GIVEN RECORDS:
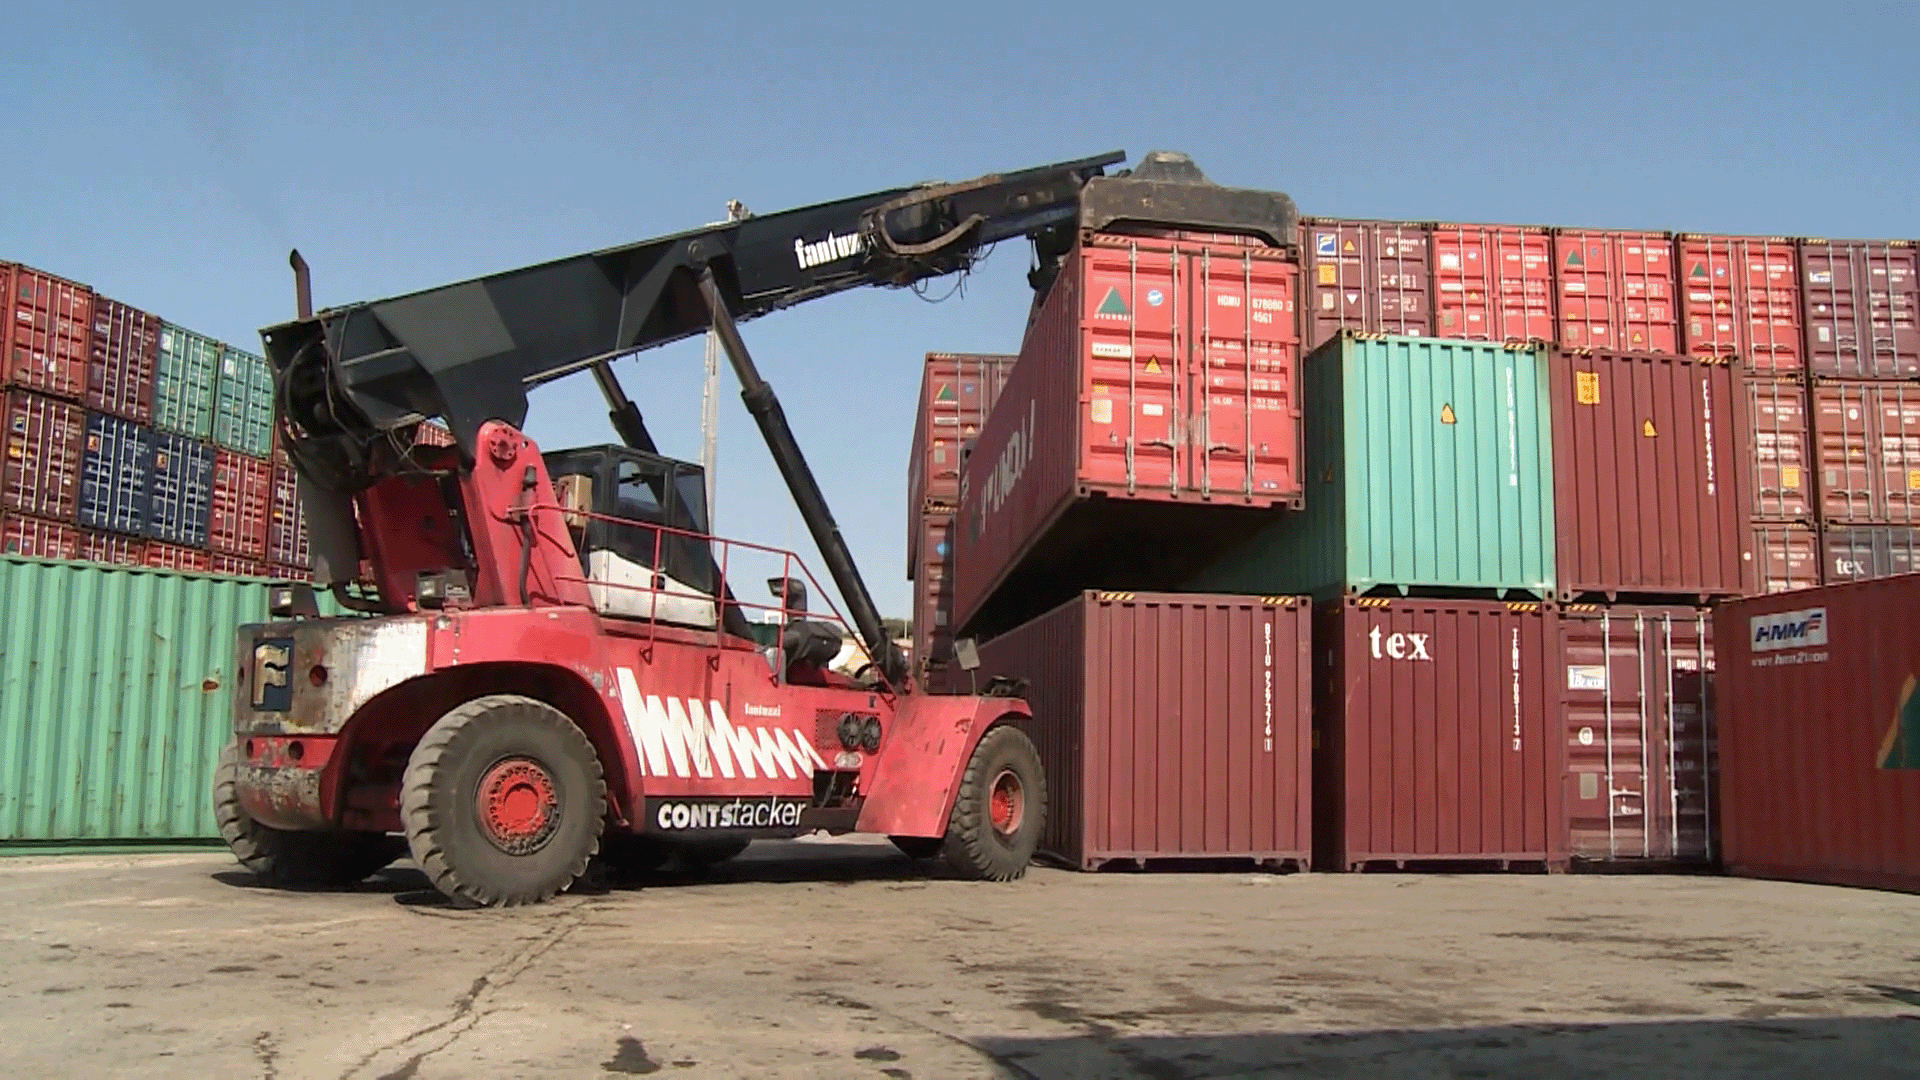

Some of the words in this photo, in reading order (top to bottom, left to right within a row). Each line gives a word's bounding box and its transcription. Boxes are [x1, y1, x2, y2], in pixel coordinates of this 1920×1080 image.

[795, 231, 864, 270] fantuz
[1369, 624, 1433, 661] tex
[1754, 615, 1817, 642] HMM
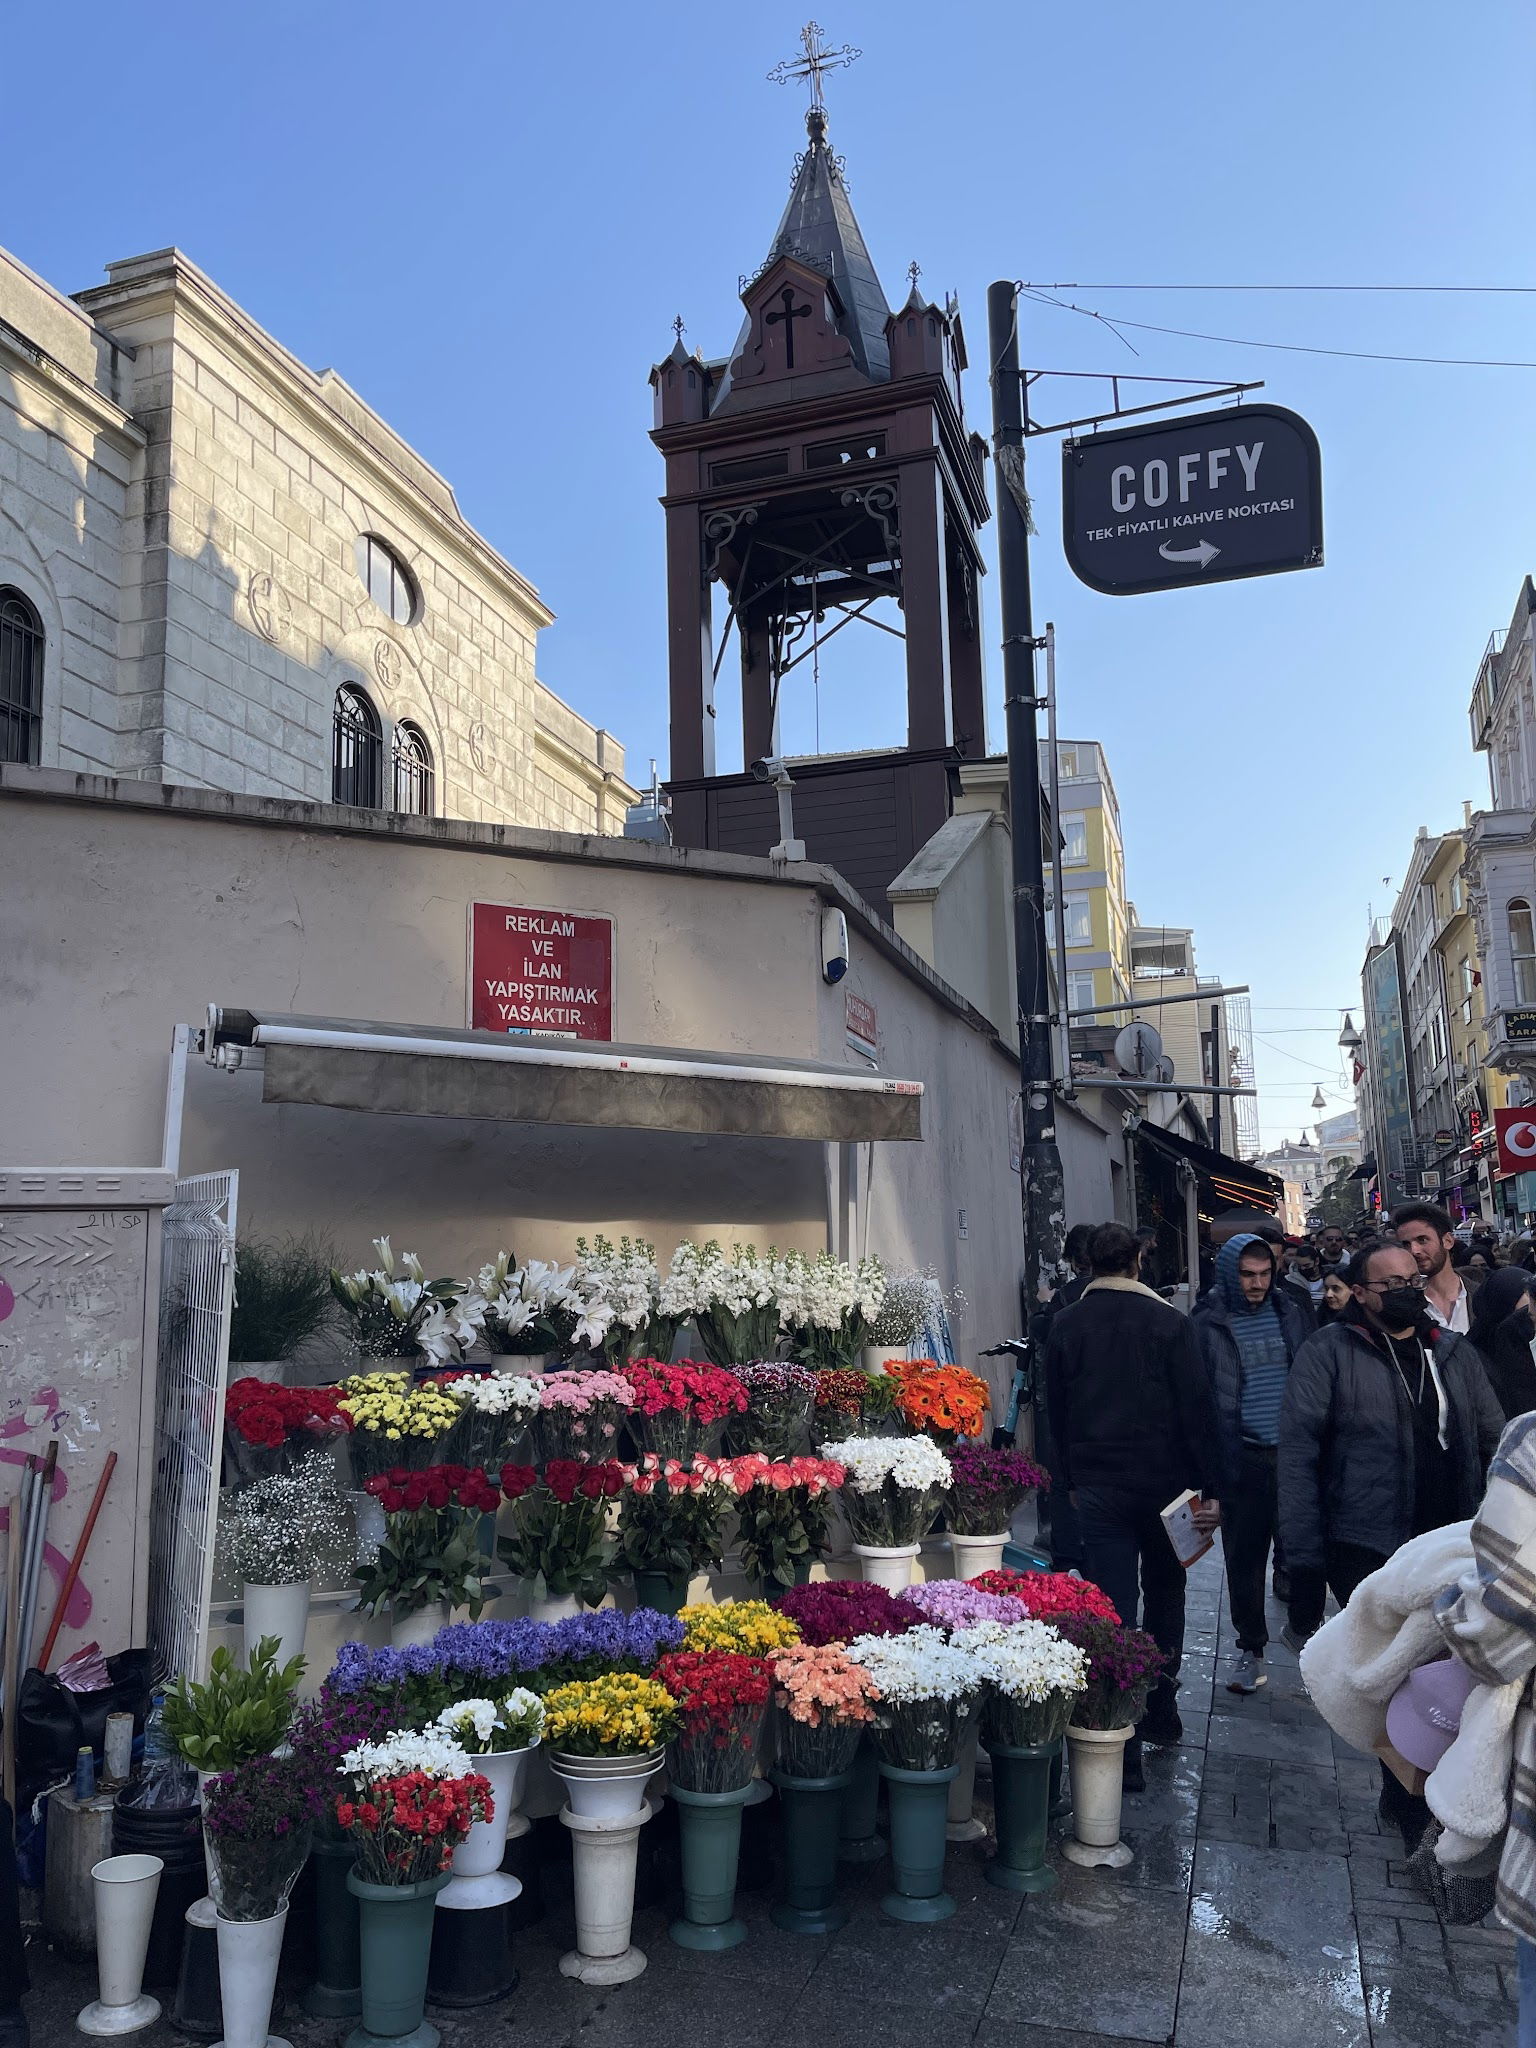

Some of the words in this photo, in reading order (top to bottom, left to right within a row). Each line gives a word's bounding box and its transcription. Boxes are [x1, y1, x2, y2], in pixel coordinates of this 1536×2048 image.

EXERCISE DIRECTIONS:
The records above should be reproduced exactly, with the pictures omitted.

EXERCISE OUTPUT:
Some of the words in this photo, in reading order (top to bottom, left to right within a row). Each line gives a word's bounding box and its transcription. Boxes are [x1, y1, x2, y2], in pixel coordinates of this 1920×1080 image.

[795, 231, 864, 270] fantuz
[1369, 624, 1433, 661] tex
[1754, 615, 1817, 642] HMM

Some of the words in this photo, in reading order (top to bottom, left to right within a row). Each line gives a word's bounding box and its transcription. Boxes are [x1, y1, x2, y2], in pixel coordinates of this 1536×2048 image.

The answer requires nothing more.